Fino al 1965, e dunque per più di un secolo, nessuna nuova edizione dell’ Ultimo uomo venne data alle stampe,6 ma poi si è avverato quanto aveva profeticamente affermato il critico Richard Garnett alla fine del secolo scorso: «quando L’ultimo uomo verrà ripubblicato apparirà al mondo come un’opera nuova».7 La critica recente ha infatti letteralmente riscoperto questo romanzo e lo considera oggi un’opera straordinariamente moderna, nata dalla percezione lucida e impietosa delle contraddizioni culturali e politiche del primo Ottocento, un testo sovversivo che mette in scena la fine di una civiltà che su quei presupposti si era fondata.
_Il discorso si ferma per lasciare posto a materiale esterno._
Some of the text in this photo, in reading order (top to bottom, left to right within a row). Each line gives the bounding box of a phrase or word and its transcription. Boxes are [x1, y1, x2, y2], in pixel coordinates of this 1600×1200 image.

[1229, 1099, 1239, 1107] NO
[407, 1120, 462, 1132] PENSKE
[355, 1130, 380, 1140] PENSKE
L’idea di famiglia, di Stato, di religione propria dell’episteme romantica viene attaccata nella visione apocalittica di una donna che appare oggi non certo una sopravvissuta, come lei stessa ebbe a definirsi, e neppure «l’ultima donna» di cui la critica del tempo si era beffata, ma al contrario un’anticipatrice.
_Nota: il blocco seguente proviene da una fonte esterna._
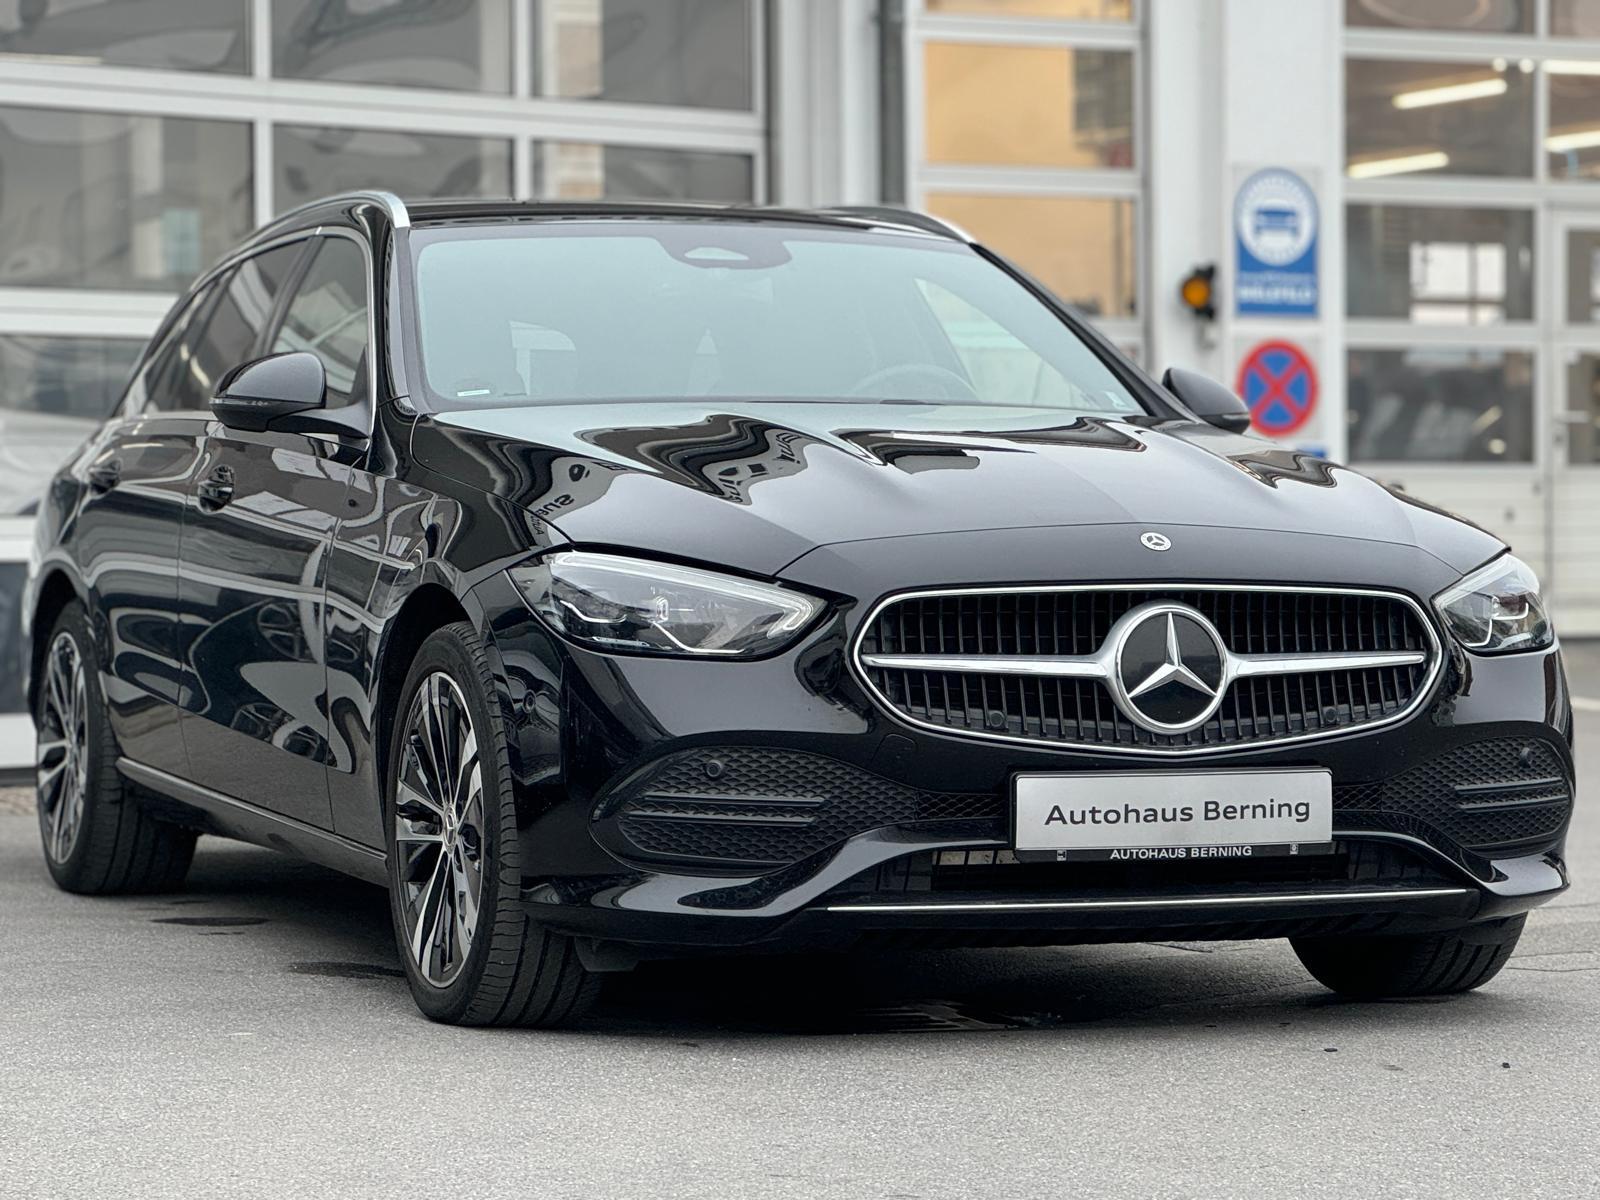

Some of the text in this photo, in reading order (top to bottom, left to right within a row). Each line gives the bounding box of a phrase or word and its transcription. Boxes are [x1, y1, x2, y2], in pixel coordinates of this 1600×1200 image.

[1045, 798, 1310, 826] Autohaus Berning
[1110, 845, 1252, 860] AUTOHAUS BERNING
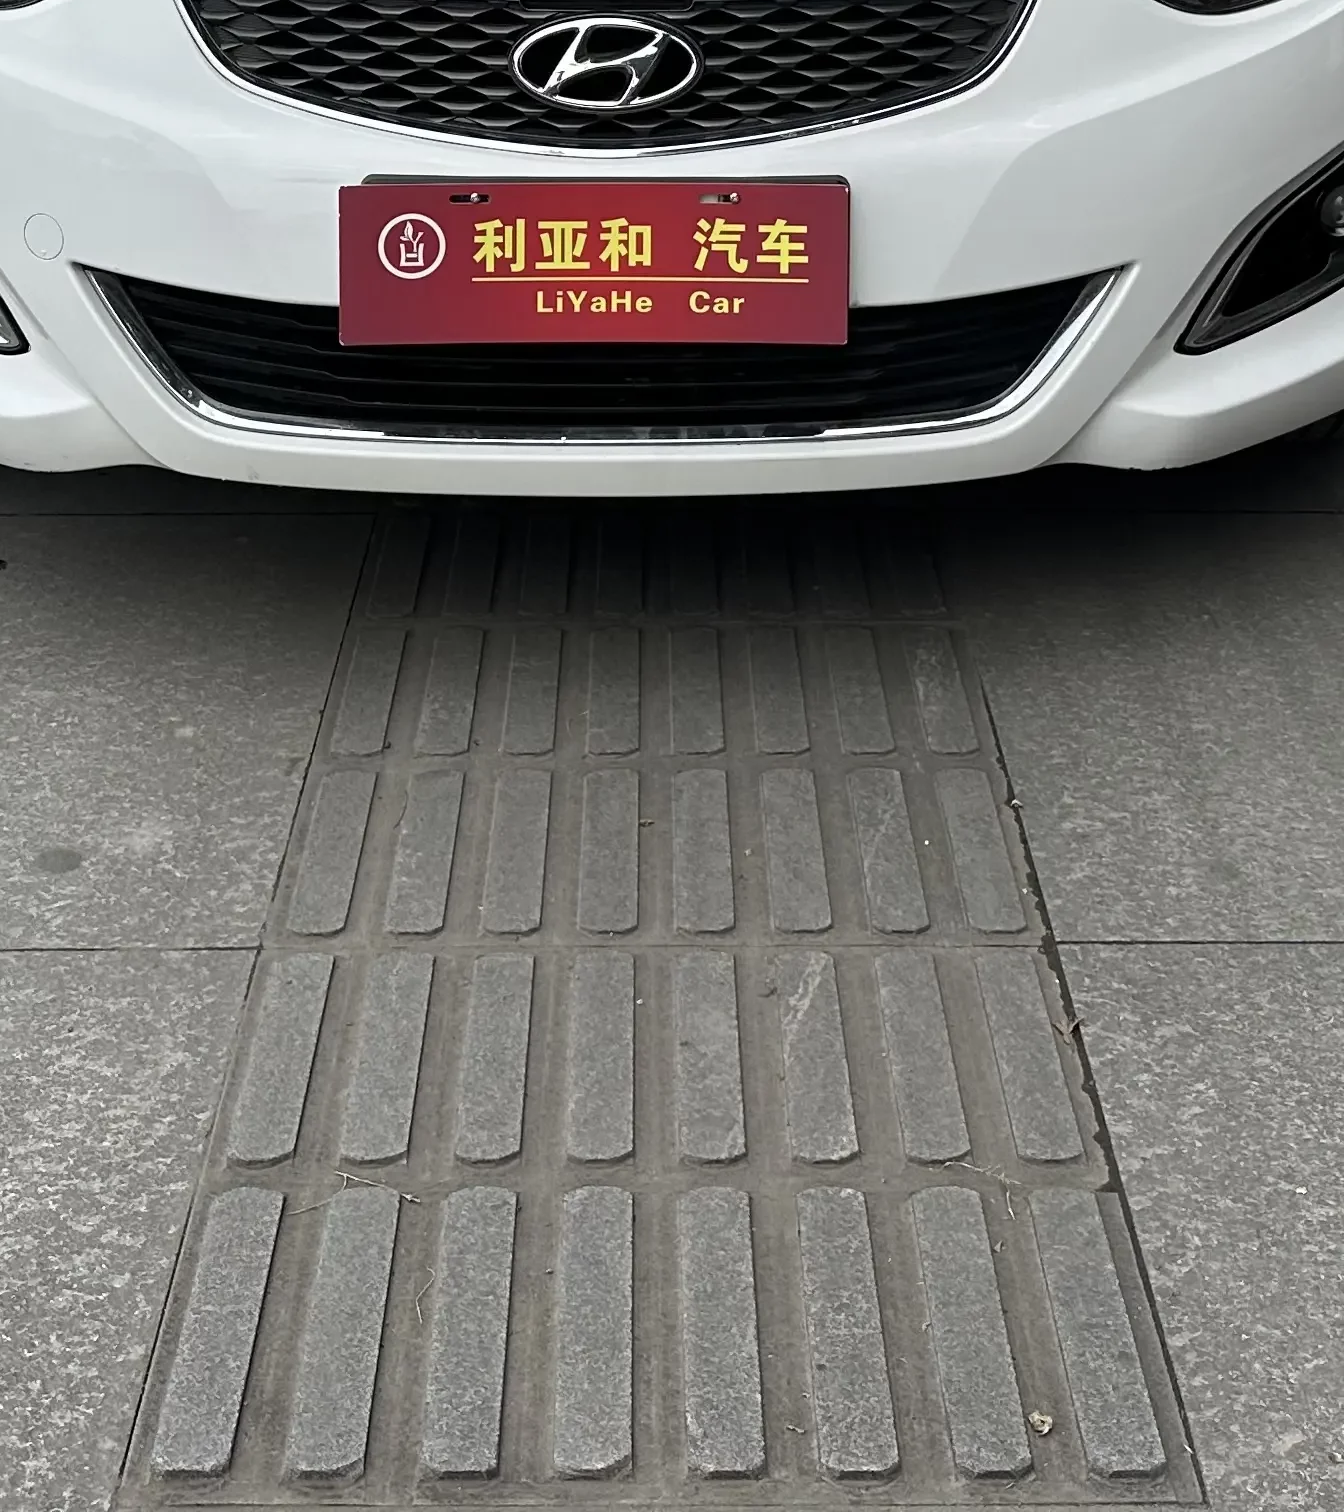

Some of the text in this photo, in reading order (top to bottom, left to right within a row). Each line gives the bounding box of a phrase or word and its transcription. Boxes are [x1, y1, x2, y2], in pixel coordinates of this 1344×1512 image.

[472, 217, 809, 274] 利亚和 汽车
[536, 290, 745, 314] LiYaHe Car
Con questa opera Mary Shelley ha infatti contribuito a fondare quel filone di scrittura fantastica al femminile che rappresenta metaforicamente sulla pagina la fine della civiltà e che sarebbe arrivata fino ai nostri giorni e agli esiti narrativi di Angela Carter e Ursula Le Guin. Potremmo definirla una narrativa gotica più avanzata rispetto a quella delle scrittrici di romanzi neri di fine ‘700, perché non si limita a esprimere i fantasmi del rimosso e la paura che li accompagna, ma dà corpo a questi fantasmi e li trasforma in figure reali, se pure metaforiche, che sul reale agiscono provocando tangibili e spesso catastrofiche conseguenze; pur utilizzando le strategie narrative del fantastico, l’autrice dell’Ultimo uomo non si allontana molto dal presente, anzi lo rappresenta esasperandone i tratti più negativi e, con una critica che nasce da un’oscura e inconsapevole ribellione dietro cui sentiamo la voce della grande rivoluzionaria Mary Wollstonecraft, ne decostruisce i modelli culturali, certo anche per questo suscitando una particolare avversione nella critica ufficiale del suo tempo.8

OLTRE IL ROMAN À CLEF

«L’ultimo uomo! Sì, posso ben descrivere i sentimenti di quell’essere solitario, dato che io stessa mi sento come l’ultima sopravvissuta di una amata specie, tutti i miei compagni essendo morti prima di me».9 Così scriveva Mary Shelley nel suo diario il 14 maggio 1824, implicitamente fornendo al lettore una chiave di lettura del romanzo che stava scrivendo. Ma l’identificazione dell’autrice con il protagonista del suo romanzo, l’ultimo uomo che sopravvive a tutta la specie umana progressivamente decimata da una apocalittica epidemia di peste, come vedremo è solo una, la più facile e immediata, delle molte chiavi di lettura di questo complesso testo narrativo; e se dal livello delle corrispondenze letterali tra pagina letteraria ed esperienza vissuta si può partire prima di inoltrarci nei complessi meandri della scrittura shelleyana, diremo subito che L’ultimo uomo è molto di più di un roman à clef, ed esprime la percezione di una tragedia che dal piano personale si allarga fino ad abbracciare la sorte dell’umanità intera.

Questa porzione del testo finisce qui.